Figure 1. Philharmonie de Paris. Image courtesy © William Beaucardet.
Elbphilharmonie Concert Hall
Design: Herzog and de Meuron, Acoustics: Nagata Acoustics; Hamburg, Germany, 2017
The design of the main concert hall of the Elbphilharmonie, the “Grosser Saal” (
Figure 2), is based on the vineyard configuration and features 2100 seats and a volume of 23,000 m
3. The APBD approach informed the design of the 10,000 unique acoustic diffusive panels that line the ceiling, walls and balustrades of the venue, whose engraved pattern has been defined through a generative design process. The development of the project involved the use of an acoustic simulation tool, parametric modeling and optimization systems. Moreover, a 1:10 scale model was also used to test the efficacy of the customized diffusing panels in eliminating long path echoes. Each group of seating of the audience is served by unique gypsum fiberboard panels, to create a balanced reverberation across the entire hall. Their design, which is the result of a close collaboration between acousticians and architectural designers, combines acoustic performance and aesthetics through an irregular pattern of “seashell” cells engraved in their surfaces. The APBD method has been followed in the design of the “seashell” pattern, which is optimized to diffuse sound waves over the seating of the audience and to eliminate detrimental echoes. The cells of the pattern feature a width ranging from 40 to 160 mm, and a depth ranging from 10 to 90 mm. In particular, in locations where it was required to eliminate echoes, the sound scattering performance of the panels were enhanced by the greater depth of the engraved cells, which measures 50–90 mm, while when soft reflections are desired, the cells feature a depth in the range of 10–30 mm. The generation of the pattern of the panels was performed by a custom algorithm, able to define a unique solution for each panel to meet the acoustic requirements. In addition to acoustic simulations, also scale model measurements were used to verify the results of the simulation and ensure the effectiveness of the pattern in echoes suppression
[60,61,62,63,64][57][58][59][60][61].
Figure 2. The “Grosser Saal” of the Elbphilharmonie. Image courtesy © Maxim Schulz.

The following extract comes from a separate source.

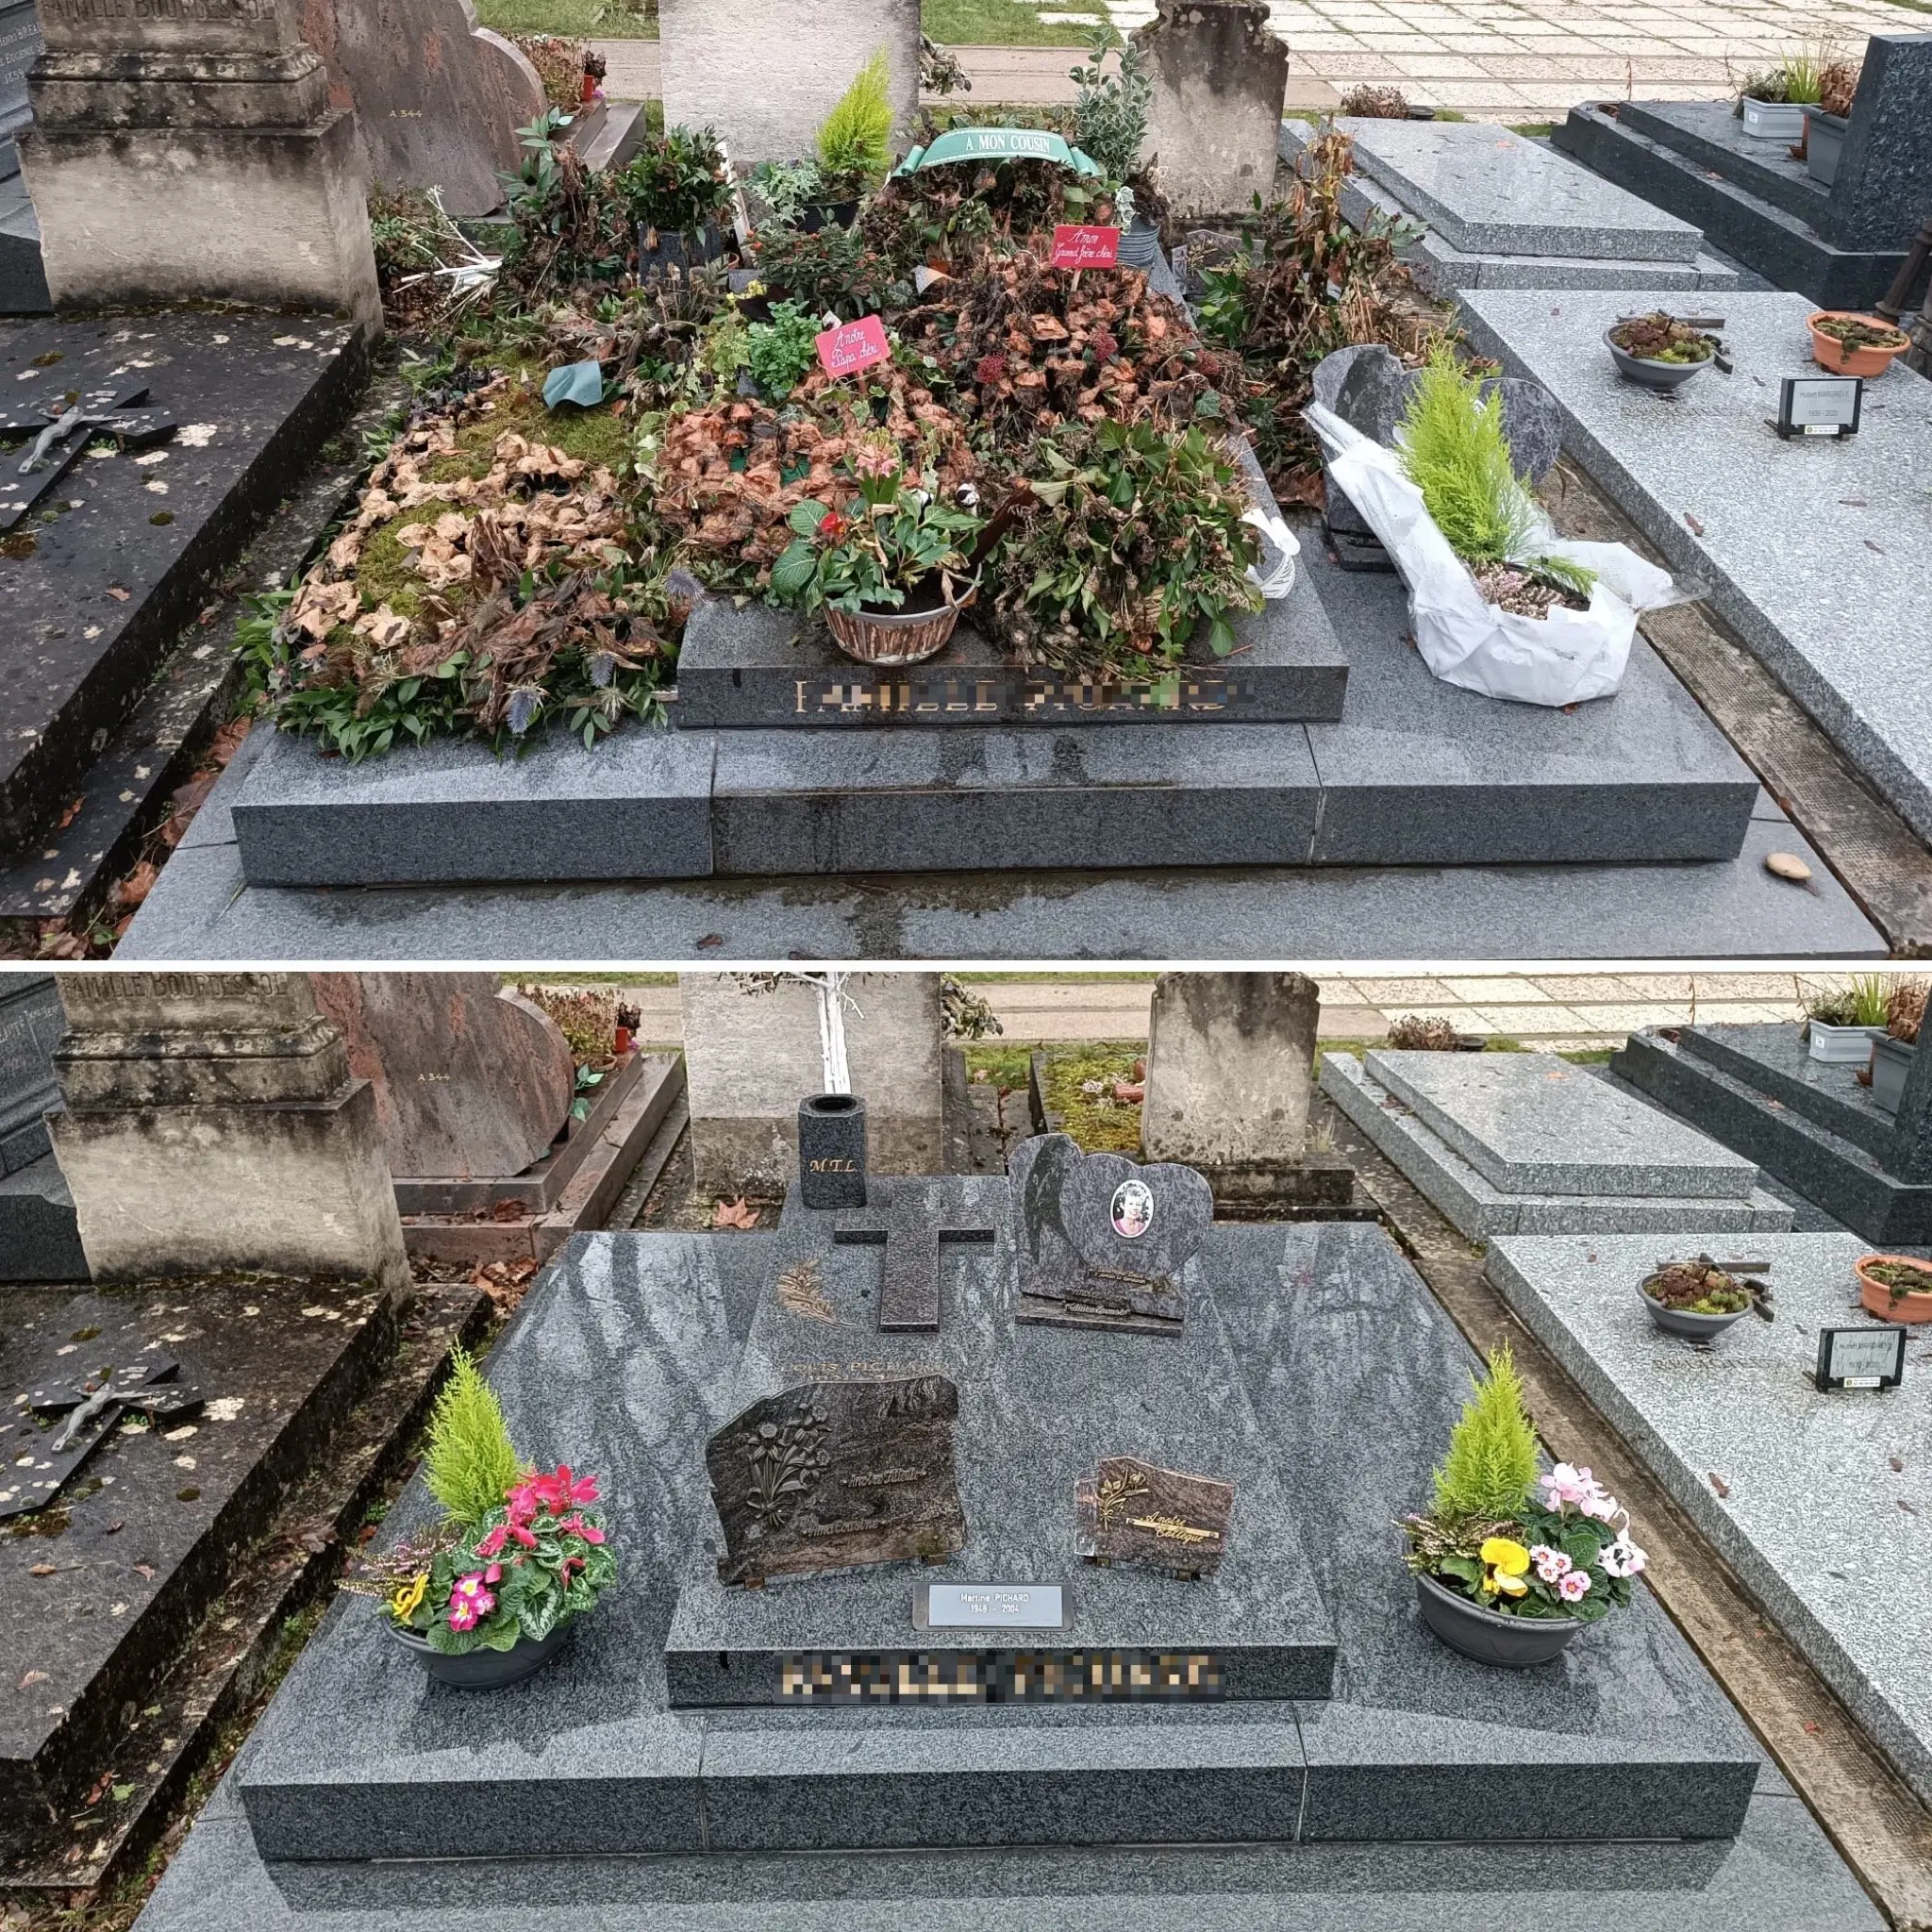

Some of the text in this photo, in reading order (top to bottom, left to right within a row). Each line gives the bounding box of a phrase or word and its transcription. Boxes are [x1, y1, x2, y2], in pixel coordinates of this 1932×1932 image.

Anneliese Brost Musikforum Ruhr
Design: Bez + Kock Architekten; Acoustics: Kahle Acoustics, Müller-BBM; Bochum, Germany, 2016
The project is the winning proposal of the design competition for the concert hall for the Bochum Symphony Orchestra, which called for a shoe-box venue with a volume of 14,000 m
3, visual intimacy and less than 1000 seats. The concert hall developed by Bez + Kock Architekten conciliates these conflicting goals by locating almost 1/3 of the required volume above the sound-transparent grid-ceiling (
Figure 3). The final solution combines elements of the shoe-box and of the vineyard configurations, as the audience surrounds the orchestra. The sense of intimacy is further enhanced by the concave-curved shapes featured by the fronts and undersides of the balconies located at the sides of the venue. The APBD method informed the design of these surfaces as well as that of the acoustic canopy suspended above the stage. The architectural team collaborated with the acoustic consultants in the design process of these elements, which was developed using parametric models created in Grasshopper and a custom acoustic simulation tool integrated in the modeling environment. In plan, the curved profiles of the sides and undersides of the balconies were initially determined on the basis of two center-points, one in the conductor’s position and one in the middle of the parterre. In order to prevent the creation of sound focuses and echoes resulting from the curvature, these surfaces were segmented, and the curvature and vertical tilting of each portion was optimized based on acoustic simulation feedbacks to provide beneficial sound reflections, enhancing clarity and acoustic envelopment. The acoustic canopy located above the stage is made of five double-curved and dynamically shaped panels made of gypsum fiber board. The form of the panels of the canopy was optimized iteratively considering acoustic and architectural goals and their final configuration, which features varying curvatures in cross section, enhances the diffusion of the percussion and brass in the venue. Odeon simulations were performed in late design phases for verification purposes and found good agreement with the results of the simulations employed to support the design optimization
[65,66,67][62][63][64].
Figure 3. Anneliese Brost Musikforum Ruhr. Image courtesy © Mark Wohlrab/architektur-photos.de.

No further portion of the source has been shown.